Broccoli is saturated with sulforaphane, a compound that protects against cancer or the recurrence of some types of cancer. The green leaves of cabbage, for example, are anti-inflammatory, contain vitamin K and lutein, an extremely important carotenoid vitamin for maintaining healthy vision and stopping macular degeneration. According to the Harvard Nurses’ Health Study, eating green foods every day, not much, reduces the risk of heart attack by 23%. Boil the broccoli until they acquire an intense green color; if you boil it longer, it loses its properties and becomes bitter. If you don’t like it in its natural state, you can serve it with red peppers, carrots, nuts or whole grains.

berries

Of all berries, currants have the highest content of anthocyanins, the antioxidant that keeps cancer away and gives the fruit its blue color.
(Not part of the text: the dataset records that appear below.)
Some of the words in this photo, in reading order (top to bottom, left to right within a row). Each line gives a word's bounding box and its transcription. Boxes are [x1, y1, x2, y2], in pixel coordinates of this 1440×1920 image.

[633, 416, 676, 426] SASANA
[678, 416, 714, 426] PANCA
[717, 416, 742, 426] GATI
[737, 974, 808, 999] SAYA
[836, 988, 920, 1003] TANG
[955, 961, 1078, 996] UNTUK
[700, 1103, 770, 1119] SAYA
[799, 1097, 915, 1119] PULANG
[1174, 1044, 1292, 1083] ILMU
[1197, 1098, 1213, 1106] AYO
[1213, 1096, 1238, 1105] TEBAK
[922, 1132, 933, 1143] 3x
Just one cup of currants a day reduces the risk of diabetes by 23%. Buy in bulk when in season and put it in the freezer, consuming it for a year.

egg

The most popular breakfast helps produce the neurotransmitters dopamine, norepinephrine and adrenaline, boosting alertness, energy and mood. In addition, eggs are rich in vitamin B7, which is responsible for the proper functioning of the brain. It is advisable to consume eggs produced by hens raised on pasture naturally rather than closed ones. They have six times more vitamin D, two times more omega-3 fatty acids, and a third less cholesterol.

Kefir

Like yogurt, kefir is high in protein and calcium, increasing the level of healthy bacteria and reducing the level of lactose. These fermented drinks help populate the gut with healthful substances that stimulate the immune system and weight loss. Regardless of whether you go for yogurt or kefir, be sure to choose versions with less sugar or none at all.

Drinking straw

Salmon is rich in omega-3 fatty acids, compounds that give you energy, support repairing cells to work and remove wrinkles. Just 42 grams of wild salmon can provide the required daily amount of vitamin D, which is vital for bone health and cancer prevention. Make sure the fish is caught in its natural, unrooted environment, where pesticides are used to kill marine parasites and maintain cleanliness.

At the sea

There is some truth behind the saying: “An apple a day keeps the doctor away.” The fruit is rich in soluble fiber, which helps reduce cholesterol levels. Powerful antioxidants and phytonutrients treat inflammation. Plus, apples are good for the waist. One study found that if you eat an apple 15 minutes before a meal, you reduce your calorie intake by 15%. As I said before, choose organic, natural and healthy apples.

Walnuts and hazelnuts

USDA researchers say that almonds and pistachios have fewer calories than originally reported and this can be extrapolated to all types of nuts. Older people who opted for diets rich in vitamin E and omega-3 nutrients found in walnuts showed better brain activity. Consume nuts as a snack for lunch, away from meals.

Coconut oil

Coconut oil is an excellent source of medium fats that speed up metabolism without stressing the heart. Choose the rawest, unprocessed forms of coconut oil.

Avocado

Fat and fiber, equal, appetite suppression. The unique combination of these in avocado will make you feel full for a long time. It is scientifically proven that just half an avocado increases the production of leptin, the satiety hormone. If you add it to salads, it helps absorb antioxidants from lettuce, spinach or carrots.

Coffee

Coffee is one of the richest natural sources of antioxidants on the planet. Studies have suggested that it reduces the risk of breast cancer and malignant liver disease. The caffeine in coffee speeds up the metabolism by up to 16%. Avoid drinking coffee in the city, as it is full of sugar.

Mango

This fruit is rich in vitamins A and E, and studies have linked regular monthly consumption of mangoes to healthy blood fats, including reduced triglycerides which lead to an increased risk of heart disease. Add it to refreshing drinks like smoothies, salads, or side dishes.